Di keluarkannya bandul kalung berbentuk
kupu-kupu dari balik baju seragamnya.
“hehe, bagus gak?” tanyanya masih
mengelus-elus kalung itu.
“bagus kok, mahal ya” pujiku tulus.
“iya kali, ini kalung pemberian pak Kris, ini
yang mau kuceritakan tadi malam padamu” ia kembali tertersipu, “tapi pulsaku
lagi sekarat jadi gak jadi cerita deh. Maaf ya”
Hehe, gak di
ceritain juga gak apa-apa kok, kataku dalam hati. Kemarin bunga kemudian
kalung, besok-besok apa? Cincin pertunangan? Ahh.. aku benar-benar gak bisa
nebak apa yang udah Kris rencanain buat Mello. Ku harap ini gak seburuk yang ku
bayangkan. Batinku mencelos.
***
Jae’s POV
Siang-siang begini kalo lagi suntuk enaknya
nonton Spongebob sambil berleha-leha di kursi kebesaran. Kalau ada pacar sih
lebih enak lagi, hehehe. Efek jomblo.
Tiba-tiba ada seseorang yang langsung
menerobos masuk ke dalam ruanganku. Aku kaget dan buru-buru mematikan televisi.
“Woy bi” suara ngebass itu, siapa lagi kalau
bukan si babu Kris Alva .
“apaan sih bu bikin kaget aja” aniwei kami
terdengar seperti pasangan homo dengan panggilan kesayangan satu sama lain. Aku
tertawa dalam hati.
“kau ini malah enak-enakan minum” bentaknya
ketika dilihatnya aku kembali menyeruput kopiku.
Ia kelihatan sangat semrawut dengan muka di
tekuk begitu, “kalau mau kopi juga ya minta dong sama OB gak usah main
masuk-masuk ke ruangan kaya orang kesurupan” gerutuku.

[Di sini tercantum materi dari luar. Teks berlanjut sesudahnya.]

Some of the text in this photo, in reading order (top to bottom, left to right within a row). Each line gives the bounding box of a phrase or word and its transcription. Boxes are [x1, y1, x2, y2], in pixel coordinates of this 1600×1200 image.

“bukan itu biiii” ia mengerang frustasi kali
ini mukanya 2x terlihat lebih tua dari umur sebenarnya.
“kenapa lagi sih? Mello?” tebakku.
“kali ini lebih parah” suaranya kali ini
seperti sedang terluka.
“apa? Perusahaan orang tuamu bangkrut terus
orangtuamu kabur ke luar negeri dengan meninggalkan banyak hutang padamu? Atau
kau dituduh menghamili anak orang dan dipaksa buat nikahin anaknya?” tebakku
lagi.
“biii, bisa ngasih sedikit pertanyaan yang
lebih logis gak sih??!!” dia menatapku dengan pandangan ingin menerkamku
sekarang.
“ya apa dong?” aku jadi bingung.
“Miranda datang ke rumahku beberapa hari yang
lalu” dia meringis.
“hah? Miranda Kerr?” tatapku tak percaya.

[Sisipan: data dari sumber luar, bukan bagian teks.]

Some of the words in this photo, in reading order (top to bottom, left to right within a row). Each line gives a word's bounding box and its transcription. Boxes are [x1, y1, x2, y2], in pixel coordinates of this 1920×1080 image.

“iyalah, siapa lagi” gerutunya dengan nada
yang terdengar menyedihkan.
Miranda? Ah jujur saja aku tak menyukai
kedatangannya, di saat ku lihat dia mencoba bangkit dari keterpurukannya dengan
melakukan pendekatan terhadap Mello kenapa dia muncul? Padahal Alva sudah mau
membuka hati dengan gadis lain.
“terus dia menginap di rumahmu?” aku mendadak
cerewet kalo soal ini.
“ya nggak lah, dia nginep di penthouse tapi
lebih sering menghabiskan waktu dengan menungguku di rumah sampai aku pulang
kerja” jelasnya.
“terus Mello gimana? Kau belum ngasih harapan
padanya kan?!” cecarku.
“telat bi telatt!! Aku bahkan sudah
memberikan kalung di hari ulang tahunnya” dia kembali mengacak rambutnya.
“tapi kau sudah tak mengharapkan Miranda lagi
kan?”
“tau ah bingung bi, Miranda..Mello..
sama-sama wanita.. sama-sama menarik dan sama-sama memusingkan, Mirandanya
ngarepin hubungan kami bakalan balik kaya dulu meskipun harus LDR, si Mello
udah terlanjur basah di kasih harapan” keluhnya, “bunuh aku aja bi bunuh aku
sekarang biar gak ada wanita yang ngejar-ngejar lagi” Alva mendadak melow.
Apa sih yang kau lakukan sampai semua wanita
tergila-gila padamu? Dosa apa sih sampai kau mencintai dua orang sekaligus
dalam waktu bersamaan? Jalan lurus berdua dengan Mello, wanita yang kau sayangi
dan kau niatkan akan menjadi wanita masa depanmu kini harus terhenti di tengah
jalan, tepatnya di persimpangan dengan seseorang yang kau cintai di masalalumu
kini sedang menghadangmu. Dramatis sekali!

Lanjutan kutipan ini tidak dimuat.